- Genre: True crime
- Directed by: Chapman Way; Maclain Way;
- Composer: Brocker Way
- Country of origin: United States
- Original language: English
- No. of seasons: 1
- No. of episodes: 3

Production
- Executive producers: Juliana Lembi; Chapman Way; Maclain Way; Dave Caplan; Greg Berlanti; Sarah Schechter; David Madden; Mike Darnell;
- Production companies: Stardust Frames Productions; C2 Pictures; Berlanti Productions; Warner Bros. Television;

Original release
- Network: Netflix
- Release: December 11, 2024

= The Kings of Tupelo: A Southern Crime Saga =

American crime drama television series

The Kings of Tupelo: A Southern Crime Saga is a television documentary miniseries made for Netflix and directed by Chapman Way and Maclain Way. It was released on December 11, 2024.

==Premise==
The Kings of Tupelo is a crime drama documentary series that weaves together a complex narrative involving a small-town feud, internet conspiracy, Elvis impersonation, black market organ trafficking, and a presidential assassination attempt in Mississippi.

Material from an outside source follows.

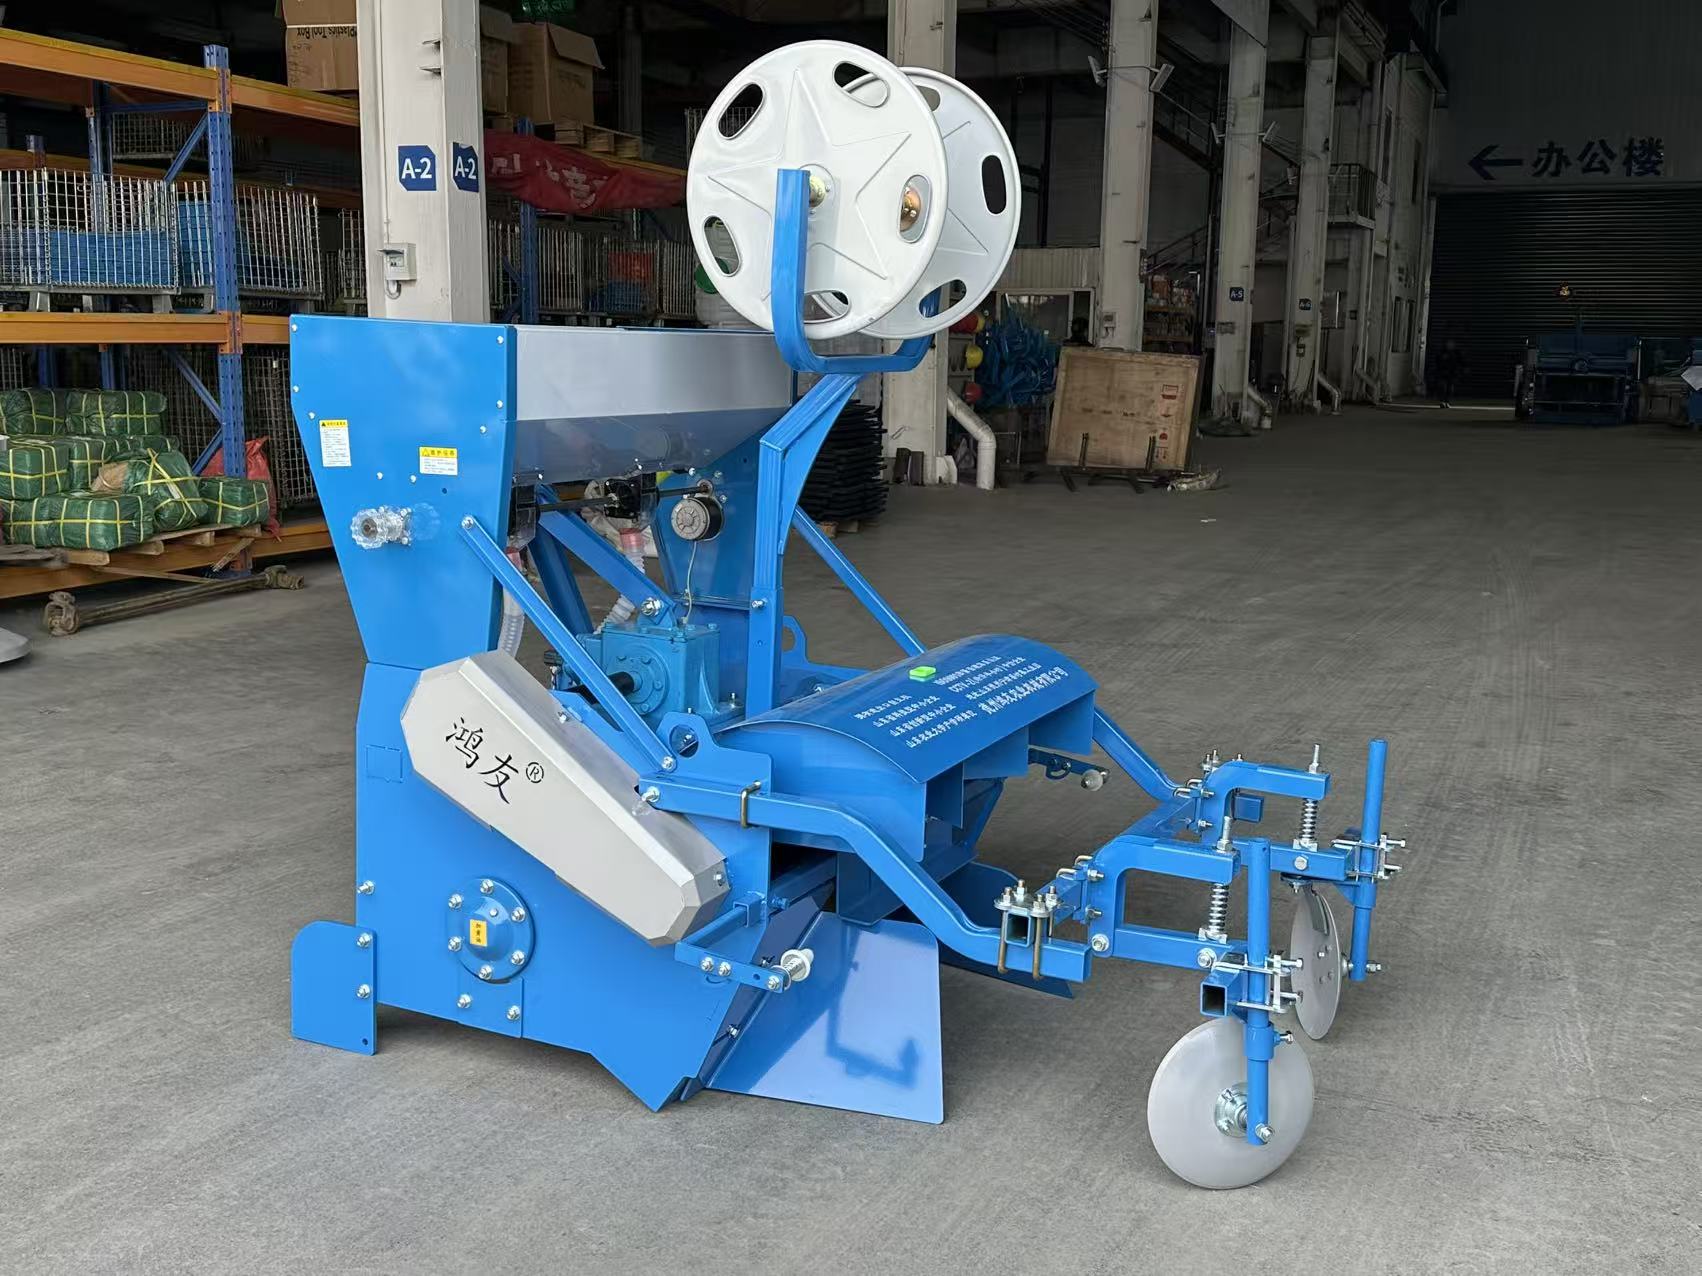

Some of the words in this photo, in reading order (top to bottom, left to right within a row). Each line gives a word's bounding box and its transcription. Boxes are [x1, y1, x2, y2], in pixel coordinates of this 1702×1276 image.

The series focuses on Kevin Curtis, a former Elvis impersonator and conspiracy theorist from Tupelo, Mississippi. Curtis was fired from the North Mississippi Medical Center and became convinced the hospital was involved in illegal organ harvesting. Curtis developed a feud with his state representative, Steve Holland, after Holland refused to support his proposed legislation on organ trafficking. Holland also coincidently owned several funeral homes, fueling Curtis's conspiracy theories. Curtis was later framed by James Everett Dutschke – a taekwondo instructor, Wayne Newton impersonator, and Republican candidate for office in 2007 who ran against Holland – for sending the 2013 ricin letters to President Barack Obama, Judge Sadie Holland, and Senator Roger Wicker.

==Production==
The series was directed by Chapman Way and Maclain Way.

==Release==
The trailer released in November 2024. The series premiered on Netflix on 11 December 2024.